I read an article today from Pema Chodron on loneliness, and at first I thought, oh hey, this will help me to not feel lonely when that feeling creeps over me. Cool! To my ignorant surprise, as I read, I began to realize that I had been thinking about loneliness (and subsequently, not knowing everything) quite in the wrong way.

In it, Pema talks about meditation, and that in meditation we’re taught to acknowledge the stray thoughts that enter our minds, but rather than sort of reprimanding ourselves for the thinking that’s happening while we should be meditating, simply acknowledge the thought as label it as neutral ‘thinking’ and gently dismiss it. She beautifully analogizes this as letting the thoughts “come and go as if touching a bubble with a feather.” When I read that analogy, the hairs on my arms stood up. I visualized what it would be like to touch a bubble with a feather. That helped me to understand how to find a kind of non-dramatic way of dealing with not only stray thoughts that enter my mind during meditation, but also how to deal with the addictive need to know the unknowable.

Here’s to the next 0.0001 second of doing just that.

Act without expectation

Quietly helping others

It’s amazing, that ripple effect we have on others. This description was the closing remark in something that someone wrote and asked me to read over this weekend. It came across my desk in such a timely way, it’s hard not to feel like the universe was reaching out and thumping me on the head.

Three simple words that struck me as an incredibly profound sentiment; one that could only be used to describe the most humble of people, and the type of person I aspire to become. I think that helping people without the expectation of recognition or acknowledgement is the highest form of service we can offer each other.

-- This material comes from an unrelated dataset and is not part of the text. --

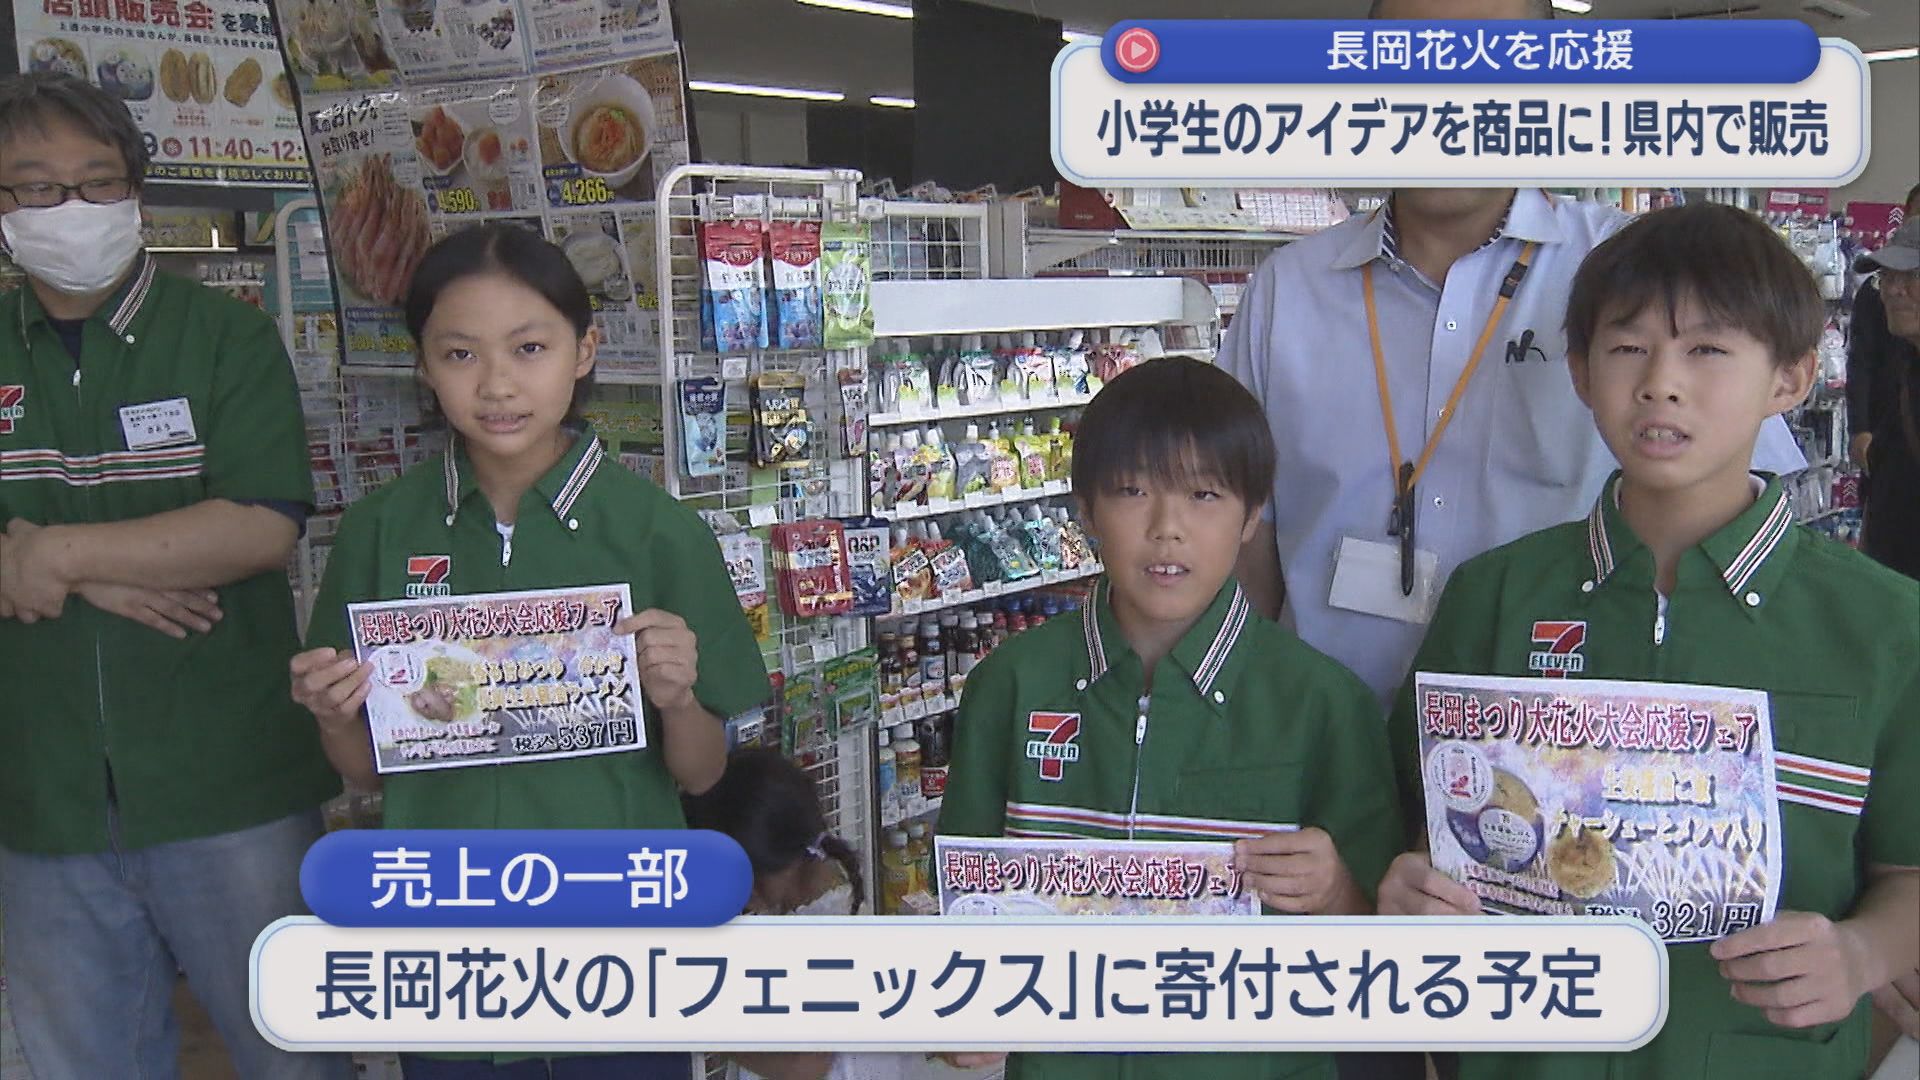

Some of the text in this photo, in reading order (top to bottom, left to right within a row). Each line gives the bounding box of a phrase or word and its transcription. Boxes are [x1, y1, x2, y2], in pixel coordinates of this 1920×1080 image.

[359, 596, 621, 645] 長岡まつり大花火大会応援フェア
[1421, 691, 1760, 754] 長岡まつり大花火大会応援フェア
[943, 850, 1243, 900] 長岡まつり大花火大会応援フェア

Act without expectationI think we can all recognize quiet help when we see it. Quiet help is what we witness when we see a stranger helping another stranger, reach something on the high shelf at the supermarket. Quiet help is found in volunteerism. Quiet help can be found in financial donations, when there are few beans to ration, but they are rationed nonetheless. Quiet help is a kind word. Quiet help is where we find true happiness, it is the place we go to turn our positive energies outward. More than all of these, quiet help is giving of ourselves without expectation of something in return. I think this quote (Dao De Jing, Ch 77), speaks to this point (bold mine).

The Master can keep giving
because there is no end to her wealth.
She acts without expectation,
succeeds without taking credit,
and doesn’t think that she is better
than anyone else.
– Lao Tzu

The Dalai Lama is quoted for having said, “Being aware of a single shortcoming within yourself is far more useful than being aware of a thousand in someone else.” One of my shortcomings is not giving enough help to others. My excuse is I haven’t found as much opportunity to help others as much as I would like. Rather, I should say, not enough opportunity to extend my help has fallen conveniently into my lap, and so they’ve gone unfound. Part of my spiritual journey is to be mindful about this shortcoming, and to more actively seek out opportunities to give help, in the face of feeling unsure of myself, feeling awkward, fearing rejection, and recognizing that all the things that hold me back are the result of my own ego.

I am grateful, though, that this weekend one of those opportunities fell into my lap, and I lept at the chance to offer my help. As much as my ego wants to write all about how amazing I am, I will just say by getting involved in something and offering my help, I was inundated with a tremendous amount of energy, excitement and enthusiasm. This Sunday night, I am left feeling an overwhelming sense of contentment for having been able to quietly give of myself.